Please hold your boos until the end.
I am a Yankees fan. In the spring of 1986, I was just beginning to cultivate a fondness for baseball. My family had moved "upstate" that year, and most of my new friends were kind of amazed that I had so little interest in or knowledge of the sport. In my case, my sporting preferences had been passed down from a father who had me on ice skates at the age of three, and whose face turned a bright shade of red each Sunday afternoon from September through December. My father found baseball about as interesting as golf, and I suspect he signed up to coach my first soccer team in an effort to keep me away from t-ball.
As the 1986 baseball season played out (or droned on, if you were my father), the Mets became the favorite team of many of my friends. They were exciting, and they won games. And of course, we lived in New York State, if not New York City, so it was natural for them to root for a NY team. I also found it natural to cheer for a NY team, however, I became fascinated with the history of the Yankees, especially Babe Ruth. Here was a kid who had overcome extreme disadvantages to become the first, and arguably the greatest power hitter of all time. Plus, I was kind of a chunky kid, and Babe was a great big fatso.
I followed the Yankees through some ok years, and some less than ok years. During this time, George Steinbrenner began to really pour money into player salaries, hoping to buy a championship, and in some people's eyes bring glory back to the franchise. I was too young to know how Steinbrenner was changing the game of baseball, and just knew that we had players who were supposed to be good. They just didn't win enough. I didn't really care that we weren't winning, I was caught up in the history of the team. Thurman Munson. Yogi Berra. Babe. Holy Cow.

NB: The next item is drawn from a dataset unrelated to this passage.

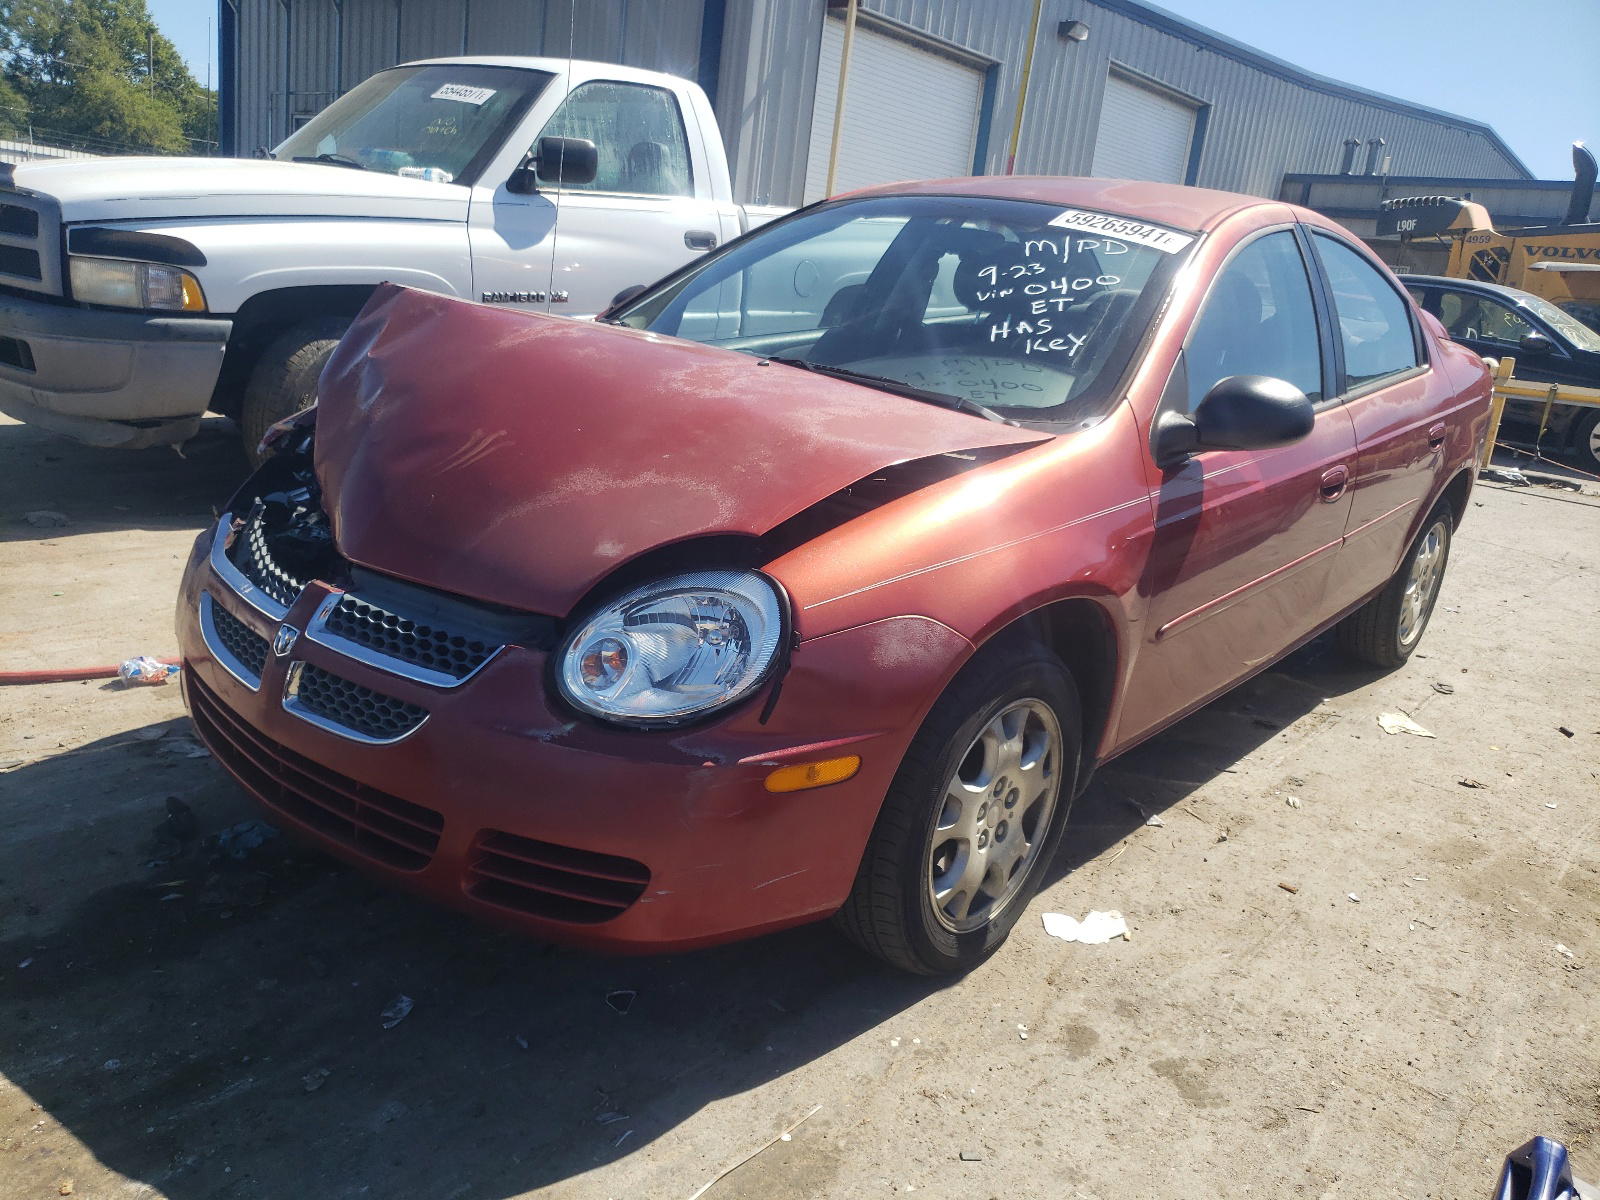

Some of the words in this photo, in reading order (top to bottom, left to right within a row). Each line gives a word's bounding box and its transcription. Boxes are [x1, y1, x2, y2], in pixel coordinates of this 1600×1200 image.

In 1993, my Dad broke down and brought me to a game. Jim Abbott threw a no hitter, and I got a foul ball from under the seat in front of us after my Dad and his friend wrestled with some other fans to open enough room for me to get to it. I still have the ticket stub (and of course the ball), although as I entered high school I became less interested in baseball with each passing year, to the point where I hardly noticed when the Yankees won the World Series in 1998.
When I moved back to NY in 2002 I began going to games again and my fondness for the Yankees, and baseball in general was rekindled. I also became painfully aware of the caricature of a Yankees fan; loud, quite possibly drunk, and with an ego the size of a monster truck. I've listened to my friends swear off visits to Yankees Stadium after being assaulted verbally (and in some cases physically) for having the gall to root for an opponent. I've watched the stadium that was home to one of my fondest childhood memories torn down, replaced by a new shiny, hulking mall-field. Kind of like a baseball Death Star.
I know it's wrong. I don't care. I still root for the Yankees, even though I'm old enough to know better, because rooting for another team would feel wrong(er.)